=== EXTRACTED ENTRIES ===

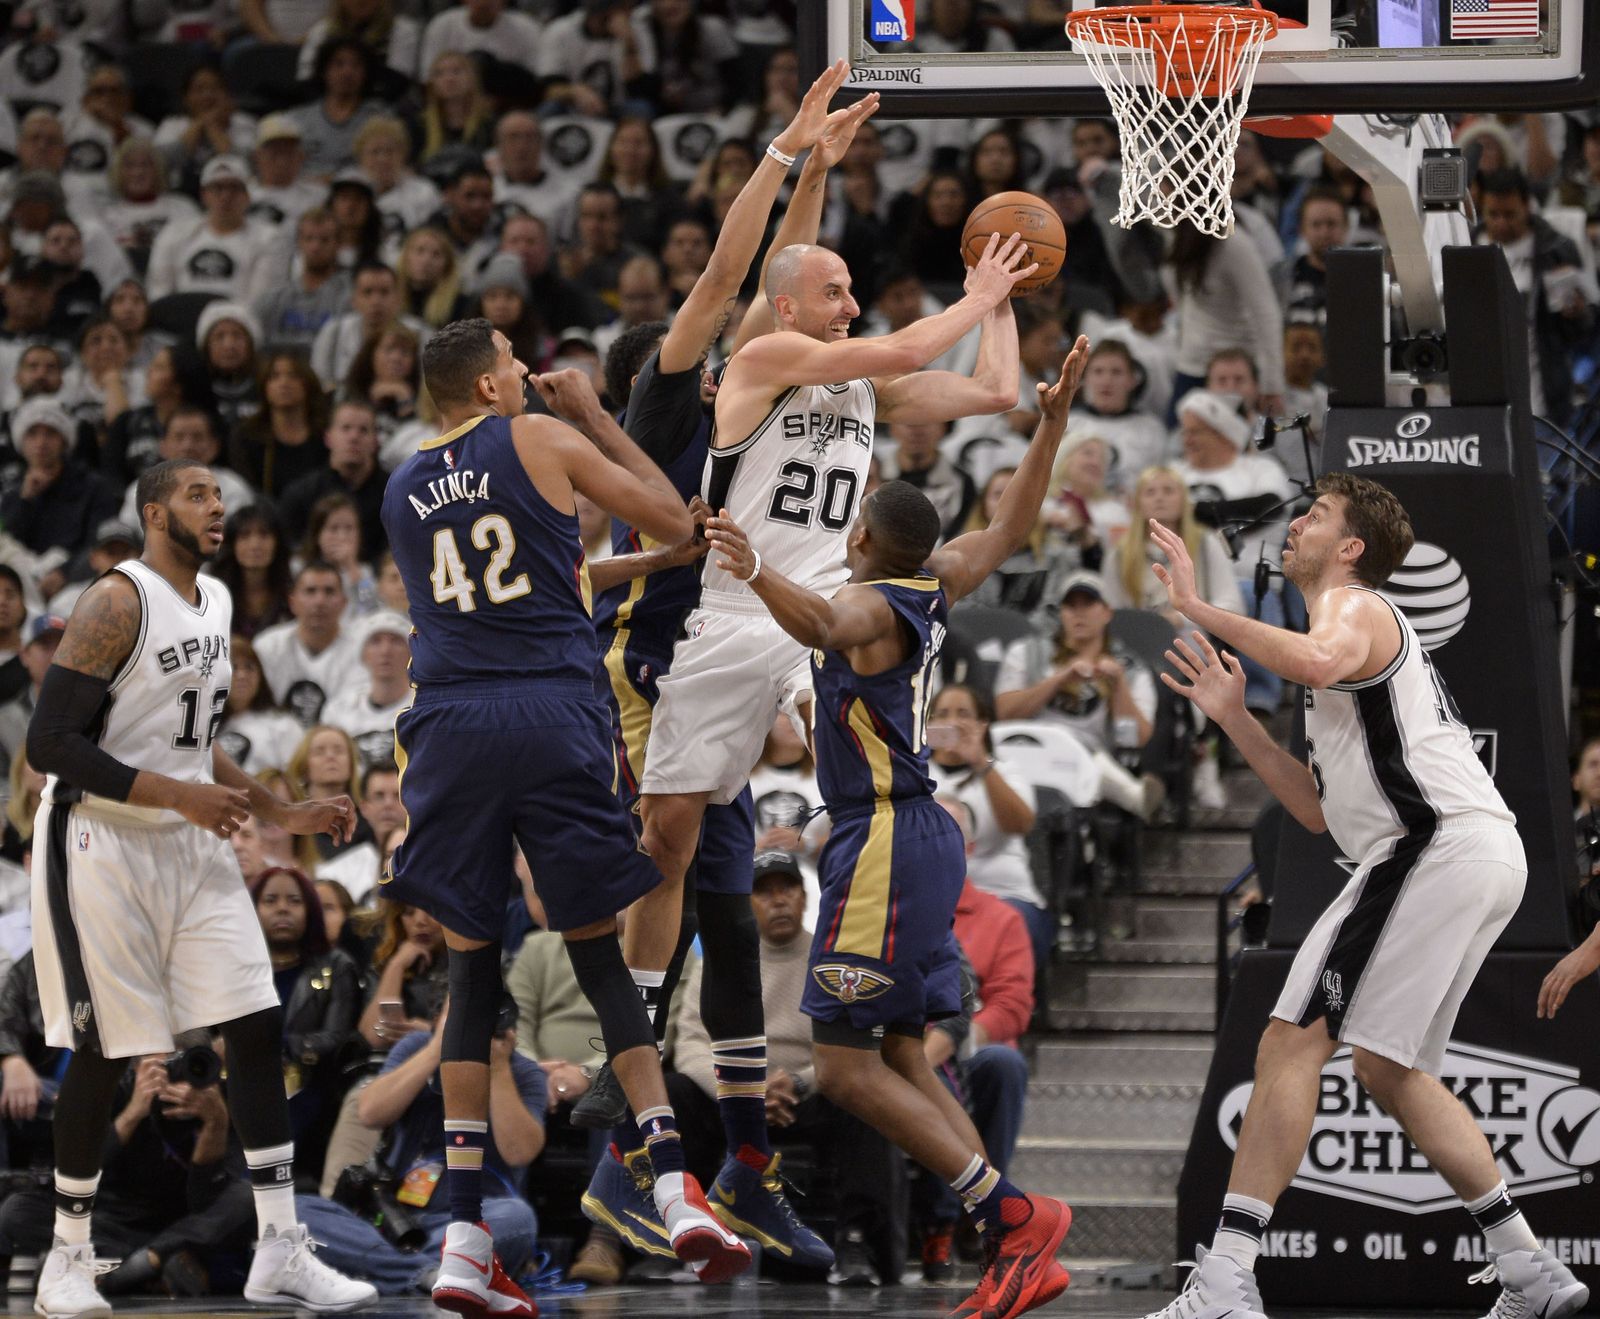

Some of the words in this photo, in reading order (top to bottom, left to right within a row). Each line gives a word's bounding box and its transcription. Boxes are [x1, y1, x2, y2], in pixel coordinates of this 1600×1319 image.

[875, 21, 901, 36] NBA
[849, 67, 922, 84] SPALDING
[1347, 435, 1482, 467] SPALDING
[408, 470, 490, 521] AJINÇA
[765, 457, 860, 534] 20
[430, 514, 532, 613] 42
[1308, 1129, 1525, 1177] CHEK
[1364, 1232, 1407, 1260] OIL

===

EXERCISE — Output the data above in full and exactly, with every image left out.

EXERCISE ANSWER —
Some of the words in this photo, in reading order (top to bottom, left to right within a row). Each line gives a word's bounding box and its transcription. Boxes are [x1, y1, x2, y2], in pixel coordinates of this 1600×1319 image.

[875, 21, 901, 36] NBA
[849, 67, 922, 84] SPALDING
[1347, 435, 1482, 467] SPALDING
[408, 470, 490, 521] AJINÇA
[765, 457, 860, 534] 20
[430, 514, 532, 613] 42
[1308, 1129, 1525, 1177] CHEK
[1364, 1232, 1407, 1260] OIL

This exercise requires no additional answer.